Proses pemilihan bank distributor rupiah digital itu diungkapkan Gubernur BI dalam Konferensi Internasional Bulletin of Monetary Economics and Banking (BMEB) ke-16 dan Call for Papers di Jakarta, Kamis (25/8) ini.
"Platform distribusinya nanti akan menggunakan Distributed Ledger Technic (DLT)) blockchain dan perbankan yang ditunjuk akan memiliki dua akun, akun digital dan akun standar," ungkapnya.

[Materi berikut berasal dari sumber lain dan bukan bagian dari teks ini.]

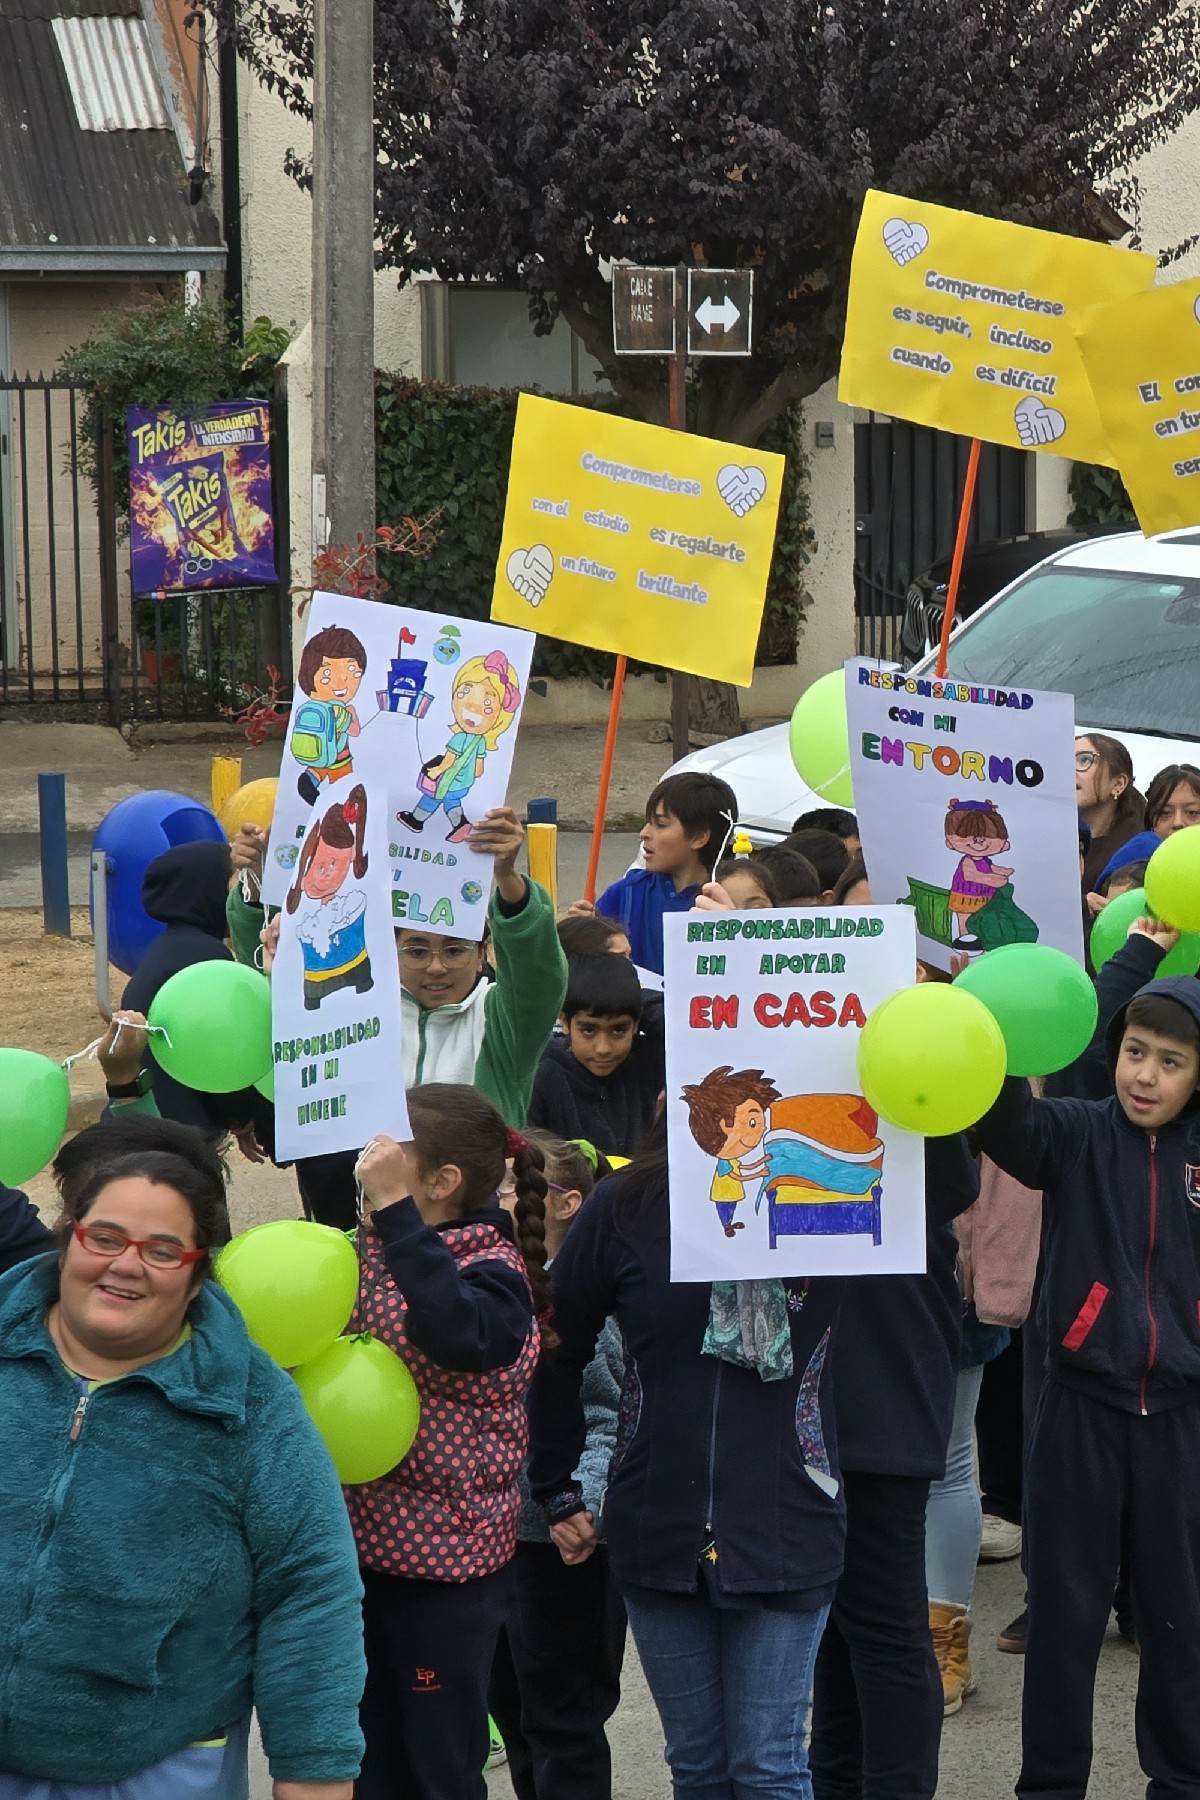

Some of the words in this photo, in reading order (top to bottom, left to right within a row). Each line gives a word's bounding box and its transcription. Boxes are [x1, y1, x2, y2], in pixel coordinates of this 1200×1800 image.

Dengan demikian saat bank sentral mendistribusikan rupiah digital, hanya perbankan atau perusahaan sistem pembayaran terpilih yang dapat menggunakan DLT yang dimiliki masing-masing.
Perry menjelaskan, pihaknya memilih untuk mendistribusikan rupiah digital secara wholesale atau grosir. Artinya, hanya kepada perbankan dan perusahaan sistem pembayaran yang besar.
Di dunia, sebenarnya terdapat dua pilihan untuk mendistribusikan mata uang digital bank sentral atau central bank digital currency (CBDC). Pertama, bank sentral hanya berfokus pada sistem grosir dengan memilih pemain besar secara systemic, yang berarti berhubungan dengan suatu sistem atau susunan yang teratur.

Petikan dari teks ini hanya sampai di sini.